• [What the task requires]
Only a number is wanted: how many lines of the entries include the string "photo"?

----

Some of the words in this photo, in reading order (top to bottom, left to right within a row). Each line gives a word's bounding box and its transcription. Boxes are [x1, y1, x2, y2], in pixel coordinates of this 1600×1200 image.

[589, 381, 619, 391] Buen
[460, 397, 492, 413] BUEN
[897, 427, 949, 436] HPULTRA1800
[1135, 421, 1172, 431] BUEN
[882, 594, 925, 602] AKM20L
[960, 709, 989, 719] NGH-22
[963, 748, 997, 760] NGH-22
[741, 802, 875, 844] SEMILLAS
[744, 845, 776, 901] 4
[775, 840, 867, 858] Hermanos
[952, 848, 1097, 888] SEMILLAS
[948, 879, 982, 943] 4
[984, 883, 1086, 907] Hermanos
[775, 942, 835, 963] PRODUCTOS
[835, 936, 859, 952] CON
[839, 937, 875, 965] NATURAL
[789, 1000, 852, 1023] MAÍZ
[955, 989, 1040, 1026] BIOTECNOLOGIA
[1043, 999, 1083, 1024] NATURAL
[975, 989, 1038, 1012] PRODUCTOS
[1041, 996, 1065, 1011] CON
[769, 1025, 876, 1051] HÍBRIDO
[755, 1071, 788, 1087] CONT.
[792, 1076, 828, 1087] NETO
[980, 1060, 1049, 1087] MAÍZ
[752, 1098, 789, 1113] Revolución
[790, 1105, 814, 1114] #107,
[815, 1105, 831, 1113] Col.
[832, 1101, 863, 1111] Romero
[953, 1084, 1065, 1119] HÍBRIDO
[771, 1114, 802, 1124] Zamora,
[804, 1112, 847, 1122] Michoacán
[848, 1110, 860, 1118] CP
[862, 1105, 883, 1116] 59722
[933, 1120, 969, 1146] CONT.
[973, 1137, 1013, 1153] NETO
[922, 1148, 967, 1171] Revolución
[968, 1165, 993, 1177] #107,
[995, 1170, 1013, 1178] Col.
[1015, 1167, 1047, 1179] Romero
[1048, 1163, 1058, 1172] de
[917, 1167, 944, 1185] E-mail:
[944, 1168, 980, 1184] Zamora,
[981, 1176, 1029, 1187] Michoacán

----

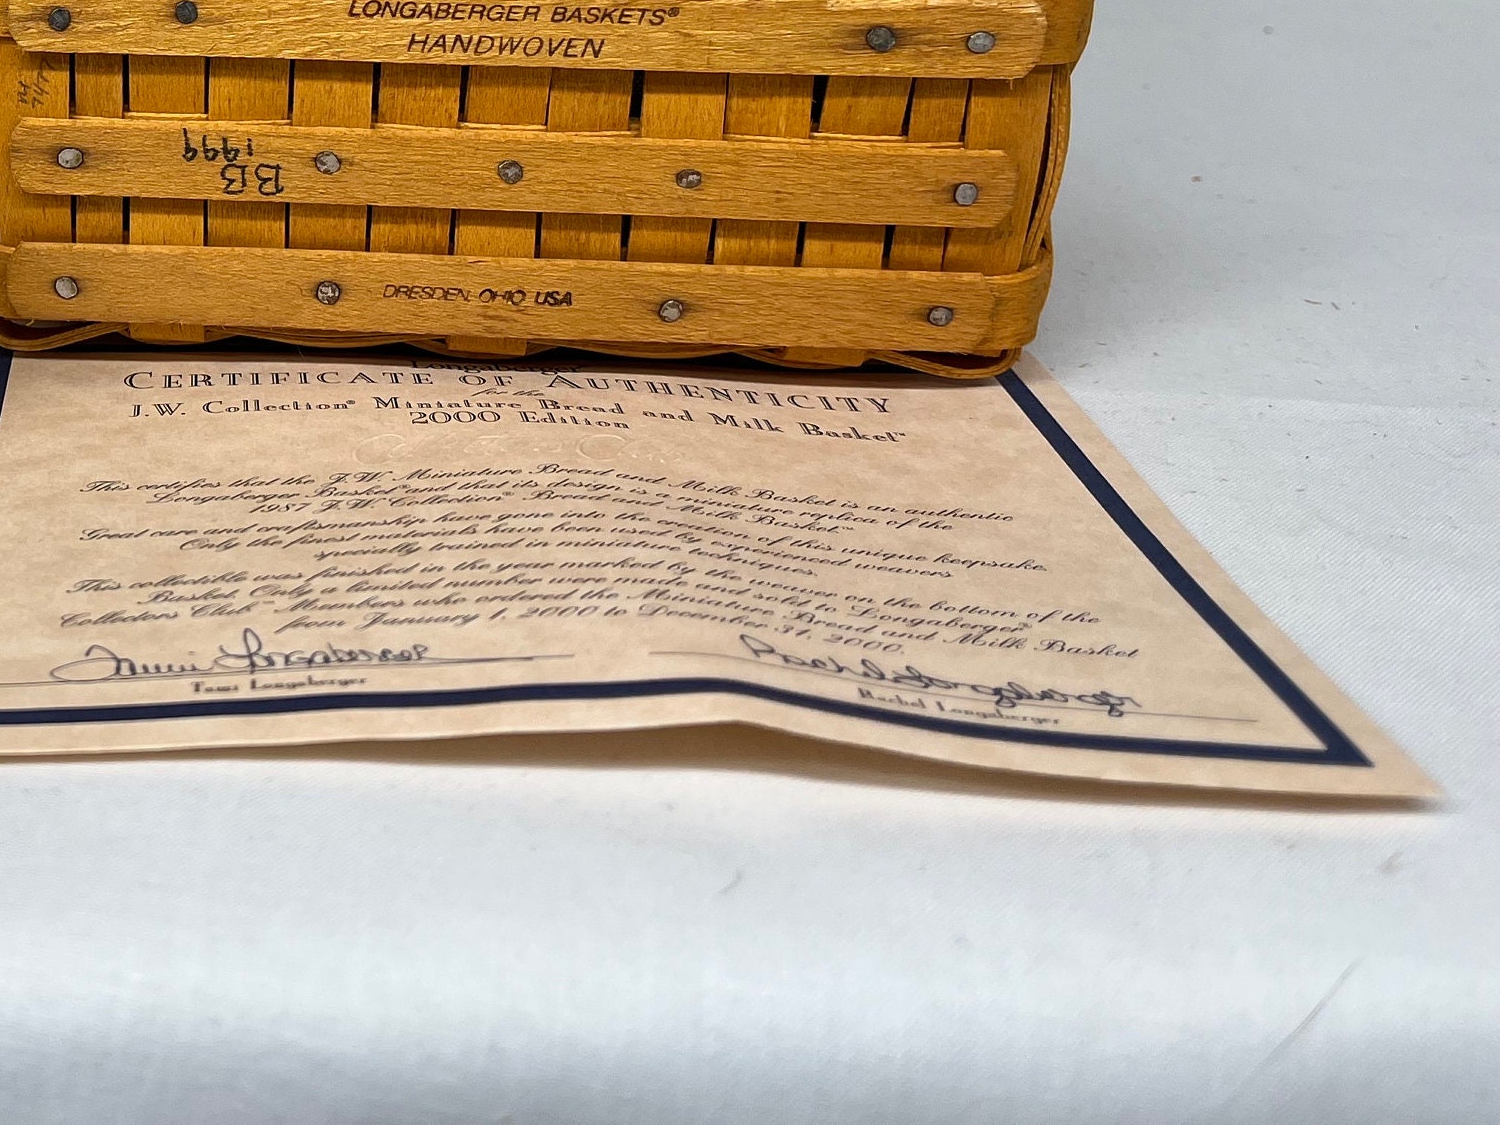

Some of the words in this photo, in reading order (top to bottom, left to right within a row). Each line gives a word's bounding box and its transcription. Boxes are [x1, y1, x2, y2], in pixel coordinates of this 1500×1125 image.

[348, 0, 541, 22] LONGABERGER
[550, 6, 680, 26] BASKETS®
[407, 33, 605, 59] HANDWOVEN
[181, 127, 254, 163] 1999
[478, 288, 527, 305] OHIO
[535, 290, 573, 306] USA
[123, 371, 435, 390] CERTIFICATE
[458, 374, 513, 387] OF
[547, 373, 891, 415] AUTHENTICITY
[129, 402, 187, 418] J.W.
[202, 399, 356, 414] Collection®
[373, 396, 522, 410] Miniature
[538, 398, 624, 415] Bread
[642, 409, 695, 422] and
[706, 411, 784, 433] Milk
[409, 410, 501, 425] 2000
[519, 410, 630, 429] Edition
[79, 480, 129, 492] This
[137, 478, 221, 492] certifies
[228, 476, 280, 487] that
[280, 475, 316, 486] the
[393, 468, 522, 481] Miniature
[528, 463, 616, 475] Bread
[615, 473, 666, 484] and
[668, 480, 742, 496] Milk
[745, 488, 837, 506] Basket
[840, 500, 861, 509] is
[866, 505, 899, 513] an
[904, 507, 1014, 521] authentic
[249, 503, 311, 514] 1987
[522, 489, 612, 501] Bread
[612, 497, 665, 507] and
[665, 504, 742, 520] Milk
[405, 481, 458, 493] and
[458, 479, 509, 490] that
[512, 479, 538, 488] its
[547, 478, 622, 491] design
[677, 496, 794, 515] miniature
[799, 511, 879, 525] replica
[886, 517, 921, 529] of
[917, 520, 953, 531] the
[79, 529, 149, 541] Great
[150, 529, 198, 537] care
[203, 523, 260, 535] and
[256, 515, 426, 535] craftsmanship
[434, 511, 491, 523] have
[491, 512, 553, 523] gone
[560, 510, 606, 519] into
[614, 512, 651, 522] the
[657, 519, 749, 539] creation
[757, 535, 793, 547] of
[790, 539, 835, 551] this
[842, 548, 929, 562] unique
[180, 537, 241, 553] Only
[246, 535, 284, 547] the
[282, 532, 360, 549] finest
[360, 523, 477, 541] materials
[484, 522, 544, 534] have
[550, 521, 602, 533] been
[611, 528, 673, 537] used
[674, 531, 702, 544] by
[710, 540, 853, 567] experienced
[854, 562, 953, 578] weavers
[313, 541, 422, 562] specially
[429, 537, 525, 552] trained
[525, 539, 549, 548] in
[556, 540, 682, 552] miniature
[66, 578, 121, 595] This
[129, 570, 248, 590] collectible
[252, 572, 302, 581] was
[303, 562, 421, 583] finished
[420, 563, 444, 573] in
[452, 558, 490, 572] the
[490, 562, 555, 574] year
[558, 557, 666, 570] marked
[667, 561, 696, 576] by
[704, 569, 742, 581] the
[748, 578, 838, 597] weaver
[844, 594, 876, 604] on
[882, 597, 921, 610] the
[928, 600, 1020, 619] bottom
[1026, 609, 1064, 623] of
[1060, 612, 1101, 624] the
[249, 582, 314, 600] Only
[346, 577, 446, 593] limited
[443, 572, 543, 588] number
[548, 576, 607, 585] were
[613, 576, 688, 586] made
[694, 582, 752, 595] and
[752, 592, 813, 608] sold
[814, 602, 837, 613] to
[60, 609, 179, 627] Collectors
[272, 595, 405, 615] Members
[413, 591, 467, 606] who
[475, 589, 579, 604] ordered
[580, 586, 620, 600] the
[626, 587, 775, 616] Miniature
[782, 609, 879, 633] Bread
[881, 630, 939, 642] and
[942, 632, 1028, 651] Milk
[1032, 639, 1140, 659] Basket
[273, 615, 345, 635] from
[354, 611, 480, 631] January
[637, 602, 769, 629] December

----

• [Your solution]
2